Was die Sache ein wenig verkompliziert hat, war, daß wir die beteiligten Schußwaffen nicht immer sofort erhielten und zum Teil bereits ballistische Untersuchungen daran durchgeführt worden waren, bevor man sie uns aushändigte. Das „Angebot” an Waffen war jedenfalls buntgemischt und bisweilen sah es im Büro des Kollegen nicht ganz so aus, als arbeite dort ein überzeugter Pazifist: wir untersuchten Pistolen und Revolver verschiedener Kaliber, darunter eine martialische .357-Magnum, aber auch Gewehre und sogar Schrotflinten (sog. „shotguns”).

Methodisch gingen wir fast identisch vor, wie hier schon beschrieben: Sobald wir die Waffe erhielten, säuberten wir sehr gründlich die Waffenmündung, um uns keine Kontaminationen einzuhandeln (z.B. durch Leute, die die Waffe vorher angefasst hatten).
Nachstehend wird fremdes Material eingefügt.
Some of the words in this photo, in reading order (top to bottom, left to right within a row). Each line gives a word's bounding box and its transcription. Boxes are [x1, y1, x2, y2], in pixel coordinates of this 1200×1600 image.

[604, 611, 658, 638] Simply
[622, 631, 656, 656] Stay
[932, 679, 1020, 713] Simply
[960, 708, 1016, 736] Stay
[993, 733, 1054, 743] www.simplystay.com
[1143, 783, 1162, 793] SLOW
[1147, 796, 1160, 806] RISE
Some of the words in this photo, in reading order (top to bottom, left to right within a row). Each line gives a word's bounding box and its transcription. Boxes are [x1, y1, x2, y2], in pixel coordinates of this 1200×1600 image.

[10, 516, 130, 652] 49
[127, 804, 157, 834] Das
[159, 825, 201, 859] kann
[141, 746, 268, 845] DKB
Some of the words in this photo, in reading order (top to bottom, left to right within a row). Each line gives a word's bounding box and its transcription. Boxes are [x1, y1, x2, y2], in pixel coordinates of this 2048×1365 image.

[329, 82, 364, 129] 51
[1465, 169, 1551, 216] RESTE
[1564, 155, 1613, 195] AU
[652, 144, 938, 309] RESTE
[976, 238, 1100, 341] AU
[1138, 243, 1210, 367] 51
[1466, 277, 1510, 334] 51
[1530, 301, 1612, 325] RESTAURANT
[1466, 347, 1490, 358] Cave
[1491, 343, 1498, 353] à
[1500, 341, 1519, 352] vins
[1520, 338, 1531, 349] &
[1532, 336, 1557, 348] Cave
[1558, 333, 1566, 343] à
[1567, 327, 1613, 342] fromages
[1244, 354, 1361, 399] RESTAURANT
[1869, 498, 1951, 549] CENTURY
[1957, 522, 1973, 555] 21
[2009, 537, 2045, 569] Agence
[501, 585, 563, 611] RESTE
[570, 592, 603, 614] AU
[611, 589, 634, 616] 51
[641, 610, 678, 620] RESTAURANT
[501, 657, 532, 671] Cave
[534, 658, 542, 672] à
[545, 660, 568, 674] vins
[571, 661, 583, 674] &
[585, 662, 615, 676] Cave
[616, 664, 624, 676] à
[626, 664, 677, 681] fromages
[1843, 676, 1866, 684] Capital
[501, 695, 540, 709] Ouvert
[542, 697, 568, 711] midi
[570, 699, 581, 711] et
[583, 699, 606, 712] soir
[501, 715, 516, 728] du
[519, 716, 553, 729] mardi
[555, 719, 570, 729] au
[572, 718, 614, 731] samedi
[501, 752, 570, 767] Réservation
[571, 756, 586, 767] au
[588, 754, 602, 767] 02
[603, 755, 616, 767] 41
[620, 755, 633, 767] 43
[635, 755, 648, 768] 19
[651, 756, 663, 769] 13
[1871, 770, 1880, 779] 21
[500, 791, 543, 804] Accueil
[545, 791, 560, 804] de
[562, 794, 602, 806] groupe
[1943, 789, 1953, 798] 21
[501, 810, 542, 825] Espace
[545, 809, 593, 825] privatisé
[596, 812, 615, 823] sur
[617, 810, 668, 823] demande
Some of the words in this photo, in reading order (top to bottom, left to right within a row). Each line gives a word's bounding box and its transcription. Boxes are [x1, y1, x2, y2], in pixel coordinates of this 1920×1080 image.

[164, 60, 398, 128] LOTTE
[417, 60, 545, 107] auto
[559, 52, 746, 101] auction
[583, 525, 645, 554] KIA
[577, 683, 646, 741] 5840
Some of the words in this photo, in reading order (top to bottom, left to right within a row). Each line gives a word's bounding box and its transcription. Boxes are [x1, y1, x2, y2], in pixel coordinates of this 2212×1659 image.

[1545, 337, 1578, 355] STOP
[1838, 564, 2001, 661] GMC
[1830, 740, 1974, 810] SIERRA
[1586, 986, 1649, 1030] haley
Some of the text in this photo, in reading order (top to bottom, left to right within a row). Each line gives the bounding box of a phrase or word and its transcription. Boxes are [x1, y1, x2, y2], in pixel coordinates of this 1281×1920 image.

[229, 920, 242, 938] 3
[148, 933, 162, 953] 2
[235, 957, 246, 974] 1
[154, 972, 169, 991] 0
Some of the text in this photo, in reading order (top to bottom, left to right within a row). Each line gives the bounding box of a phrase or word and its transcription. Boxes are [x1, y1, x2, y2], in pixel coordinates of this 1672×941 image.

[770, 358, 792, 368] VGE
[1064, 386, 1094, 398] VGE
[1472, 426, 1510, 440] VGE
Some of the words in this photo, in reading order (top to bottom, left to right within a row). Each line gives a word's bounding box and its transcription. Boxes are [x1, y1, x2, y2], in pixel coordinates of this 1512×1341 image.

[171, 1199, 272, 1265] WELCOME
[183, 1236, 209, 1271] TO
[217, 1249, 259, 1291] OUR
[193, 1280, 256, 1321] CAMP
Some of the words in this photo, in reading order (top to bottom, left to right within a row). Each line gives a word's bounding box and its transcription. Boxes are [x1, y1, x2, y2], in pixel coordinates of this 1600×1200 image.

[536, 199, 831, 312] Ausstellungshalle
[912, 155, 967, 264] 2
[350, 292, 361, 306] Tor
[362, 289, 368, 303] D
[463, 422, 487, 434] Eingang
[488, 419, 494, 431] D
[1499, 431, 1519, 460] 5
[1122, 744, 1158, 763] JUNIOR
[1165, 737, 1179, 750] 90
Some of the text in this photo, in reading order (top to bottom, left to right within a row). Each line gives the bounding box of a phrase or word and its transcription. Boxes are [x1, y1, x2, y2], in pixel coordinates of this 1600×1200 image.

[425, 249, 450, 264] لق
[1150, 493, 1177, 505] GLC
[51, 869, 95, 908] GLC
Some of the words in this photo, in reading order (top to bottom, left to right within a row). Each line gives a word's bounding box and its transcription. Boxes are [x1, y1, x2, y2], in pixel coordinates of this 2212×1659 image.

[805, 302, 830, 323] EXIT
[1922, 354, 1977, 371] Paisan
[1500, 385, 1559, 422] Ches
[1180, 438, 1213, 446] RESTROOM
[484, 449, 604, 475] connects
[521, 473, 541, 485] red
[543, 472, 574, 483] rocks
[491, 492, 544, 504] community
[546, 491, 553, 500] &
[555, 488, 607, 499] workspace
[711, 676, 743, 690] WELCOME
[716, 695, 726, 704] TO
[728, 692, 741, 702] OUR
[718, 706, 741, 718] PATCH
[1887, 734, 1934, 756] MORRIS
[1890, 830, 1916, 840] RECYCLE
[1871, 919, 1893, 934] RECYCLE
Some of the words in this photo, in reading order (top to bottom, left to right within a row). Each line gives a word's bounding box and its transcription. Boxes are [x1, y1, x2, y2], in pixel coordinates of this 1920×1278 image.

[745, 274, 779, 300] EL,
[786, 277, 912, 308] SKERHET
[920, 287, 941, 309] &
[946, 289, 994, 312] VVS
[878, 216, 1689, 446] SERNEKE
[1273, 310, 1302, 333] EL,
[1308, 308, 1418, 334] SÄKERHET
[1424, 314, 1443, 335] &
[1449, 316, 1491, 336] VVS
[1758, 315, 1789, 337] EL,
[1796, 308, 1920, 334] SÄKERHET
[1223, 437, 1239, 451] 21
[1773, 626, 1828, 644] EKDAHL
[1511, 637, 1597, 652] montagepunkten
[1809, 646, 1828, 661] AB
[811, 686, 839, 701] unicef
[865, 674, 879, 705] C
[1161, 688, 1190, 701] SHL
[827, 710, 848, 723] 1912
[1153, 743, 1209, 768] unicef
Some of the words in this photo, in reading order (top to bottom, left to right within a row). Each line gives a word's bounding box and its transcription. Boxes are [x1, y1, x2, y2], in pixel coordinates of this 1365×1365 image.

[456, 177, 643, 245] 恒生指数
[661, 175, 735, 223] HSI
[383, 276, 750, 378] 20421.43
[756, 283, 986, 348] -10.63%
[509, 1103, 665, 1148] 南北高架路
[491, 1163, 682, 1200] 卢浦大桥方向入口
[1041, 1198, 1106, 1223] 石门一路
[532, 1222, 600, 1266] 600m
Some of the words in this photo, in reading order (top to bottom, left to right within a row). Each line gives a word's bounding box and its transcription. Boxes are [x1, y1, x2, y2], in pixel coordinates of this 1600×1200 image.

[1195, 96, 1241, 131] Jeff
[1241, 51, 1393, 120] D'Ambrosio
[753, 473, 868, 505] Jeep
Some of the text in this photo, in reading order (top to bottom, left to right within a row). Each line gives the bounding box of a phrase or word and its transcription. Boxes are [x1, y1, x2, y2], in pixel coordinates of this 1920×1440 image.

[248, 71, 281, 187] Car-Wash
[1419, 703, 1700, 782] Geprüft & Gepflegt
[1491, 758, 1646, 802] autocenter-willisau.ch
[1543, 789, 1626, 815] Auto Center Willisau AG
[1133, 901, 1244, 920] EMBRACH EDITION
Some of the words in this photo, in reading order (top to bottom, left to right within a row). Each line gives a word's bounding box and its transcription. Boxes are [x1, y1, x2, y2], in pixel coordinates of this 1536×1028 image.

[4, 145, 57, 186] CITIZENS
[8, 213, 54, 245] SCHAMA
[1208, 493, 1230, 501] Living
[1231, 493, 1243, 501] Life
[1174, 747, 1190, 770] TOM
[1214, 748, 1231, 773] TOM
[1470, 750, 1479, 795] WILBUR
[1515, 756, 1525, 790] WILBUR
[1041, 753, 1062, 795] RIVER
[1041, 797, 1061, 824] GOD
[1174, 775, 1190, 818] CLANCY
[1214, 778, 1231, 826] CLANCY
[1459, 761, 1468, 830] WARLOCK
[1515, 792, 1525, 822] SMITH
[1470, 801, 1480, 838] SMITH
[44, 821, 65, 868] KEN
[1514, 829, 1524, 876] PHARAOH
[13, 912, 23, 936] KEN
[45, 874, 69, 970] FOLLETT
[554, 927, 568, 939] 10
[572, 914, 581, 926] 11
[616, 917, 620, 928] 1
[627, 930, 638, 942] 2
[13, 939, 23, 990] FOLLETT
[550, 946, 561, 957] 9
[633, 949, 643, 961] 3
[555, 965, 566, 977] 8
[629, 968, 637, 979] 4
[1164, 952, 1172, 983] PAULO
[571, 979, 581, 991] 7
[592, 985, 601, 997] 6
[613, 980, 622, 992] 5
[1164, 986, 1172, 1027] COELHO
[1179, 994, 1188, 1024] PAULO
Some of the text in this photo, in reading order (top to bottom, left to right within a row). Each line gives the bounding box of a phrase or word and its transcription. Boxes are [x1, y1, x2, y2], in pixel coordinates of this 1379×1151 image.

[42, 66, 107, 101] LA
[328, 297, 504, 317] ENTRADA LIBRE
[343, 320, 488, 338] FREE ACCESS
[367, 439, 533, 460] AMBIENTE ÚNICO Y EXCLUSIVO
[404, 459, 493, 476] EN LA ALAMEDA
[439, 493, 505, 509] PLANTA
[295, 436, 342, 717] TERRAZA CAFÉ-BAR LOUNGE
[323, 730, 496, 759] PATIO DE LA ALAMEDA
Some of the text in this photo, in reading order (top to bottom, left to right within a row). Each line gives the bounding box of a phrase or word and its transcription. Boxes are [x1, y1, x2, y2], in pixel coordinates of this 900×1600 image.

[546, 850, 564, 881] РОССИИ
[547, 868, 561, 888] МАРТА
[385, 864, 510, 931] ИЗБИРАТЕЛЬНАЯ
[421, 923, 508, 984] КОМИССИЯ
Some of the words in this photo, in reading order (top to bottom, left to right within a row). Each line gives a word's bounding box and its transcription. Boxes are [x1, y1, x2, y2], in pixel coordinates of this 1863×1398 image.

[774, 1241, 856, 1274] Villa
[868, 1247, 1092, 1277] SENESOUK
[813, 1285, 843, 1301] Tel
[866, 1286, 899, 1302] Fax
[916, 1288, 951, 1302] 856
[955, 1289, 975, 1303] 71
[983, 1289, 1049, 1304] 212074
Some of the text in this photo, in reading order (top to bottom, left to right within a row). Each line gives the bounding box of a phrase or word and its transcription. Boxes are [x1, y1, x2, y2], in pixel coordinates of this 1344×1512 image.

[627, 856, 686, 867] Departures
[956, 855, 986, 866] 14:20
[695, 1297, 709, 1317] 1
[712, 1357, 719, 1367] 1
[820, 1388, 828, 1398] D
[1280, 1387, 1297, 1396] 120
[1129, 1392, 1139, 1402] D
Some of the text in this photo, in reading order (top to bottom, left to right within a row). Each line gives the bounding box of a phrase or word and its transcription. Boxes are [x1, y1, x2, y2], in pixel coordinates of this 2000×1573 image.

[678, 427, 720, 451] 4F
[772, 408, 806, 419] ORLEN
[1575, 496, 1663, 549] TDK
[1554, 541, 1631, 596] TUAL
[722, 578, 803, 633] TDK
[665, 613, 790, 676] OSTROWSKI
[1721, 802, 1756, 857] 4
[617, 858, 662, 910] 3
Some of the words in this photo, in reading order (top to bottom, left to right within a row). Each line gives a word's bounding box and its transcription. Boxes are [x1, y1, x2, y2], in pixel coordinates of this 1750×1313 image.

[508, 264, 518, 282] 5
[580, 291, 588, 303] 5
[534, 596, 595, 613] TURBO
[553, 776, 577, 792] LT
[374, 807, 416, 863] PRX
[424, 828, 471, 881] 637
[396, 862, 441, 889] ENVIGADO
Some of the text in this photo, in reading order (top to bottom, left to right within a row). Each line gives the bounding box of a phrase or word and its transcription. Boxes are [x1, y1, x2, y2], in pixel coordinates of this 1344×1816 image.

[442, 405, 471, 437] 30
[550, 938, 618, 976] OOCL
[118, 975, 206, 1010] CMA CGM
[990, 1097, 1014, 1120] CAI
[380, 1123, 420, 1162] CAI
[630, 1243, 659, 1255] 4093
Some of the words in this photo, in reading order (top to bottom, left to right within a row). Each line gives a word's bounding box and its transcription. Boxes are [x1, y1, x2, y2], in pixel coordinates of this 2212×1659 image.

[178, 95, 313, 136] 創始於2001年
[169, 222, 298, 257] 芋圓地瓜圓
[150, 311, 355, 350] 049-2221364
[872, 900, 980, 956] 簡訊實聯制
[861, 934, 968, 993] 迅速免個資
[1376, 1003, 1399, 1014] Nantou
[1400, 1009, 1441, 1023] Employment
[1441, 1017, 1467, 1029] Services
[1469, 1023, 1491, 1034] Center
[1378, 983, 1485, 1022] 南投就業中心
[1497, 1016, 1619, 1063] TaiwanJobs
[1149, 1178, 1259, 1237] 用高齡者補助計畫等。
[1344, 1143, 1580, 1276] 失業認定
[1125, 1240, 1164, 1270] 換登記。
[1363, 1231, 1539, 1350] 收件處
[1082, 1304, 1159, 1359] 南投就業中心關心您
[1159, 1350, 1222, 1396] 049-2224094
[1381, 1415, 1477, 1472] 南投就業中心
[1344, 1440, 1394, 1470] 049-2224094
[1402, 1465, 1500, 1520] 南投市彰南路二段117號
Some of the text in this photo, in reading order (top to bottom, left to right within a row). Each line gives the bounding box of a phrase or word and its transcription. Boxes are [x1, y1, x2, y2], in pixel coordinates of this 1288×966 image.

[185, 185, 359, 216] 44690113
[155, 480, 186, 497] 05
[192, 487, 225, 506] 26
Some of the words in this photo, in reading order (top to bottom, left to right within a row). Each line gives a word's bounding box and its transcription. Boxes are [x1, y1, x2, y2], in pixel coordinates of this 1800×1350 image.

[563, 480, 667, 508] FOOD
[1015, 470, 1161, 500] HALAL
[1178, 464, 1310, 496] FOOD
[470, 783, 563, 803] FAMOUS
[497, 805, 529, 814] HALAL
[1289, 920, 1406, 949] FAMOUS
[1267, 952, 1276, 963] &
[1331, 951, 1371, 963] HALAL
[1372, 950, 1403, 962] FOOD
Dann wischten wir vorsichtig mit einer sterilen und DNA-freien Bakteriette das innere einer (z.B. der oberen) Hälfte des Laufes der Waffe von der Vorderseite aus und mit einer weiteren Bakteriette vom Hinterende aus aus.
Diese „geteilte” Auswischung, das hatten wir bei unseren Modellen gelernt, war notwendig, um noch etwas von der Spur für die Probennahme nach dem Nachschuß übrig zu lassen. Anschließend feuerten wir mit Munition, wie sie bei der Tat eingesetzt worden war, einen weiteren Schuß durch die Waffe in einen Kugelfang ab und wiederholten die Auswischprozedur wie beschrieben für die jeweils andere Laufhälfte.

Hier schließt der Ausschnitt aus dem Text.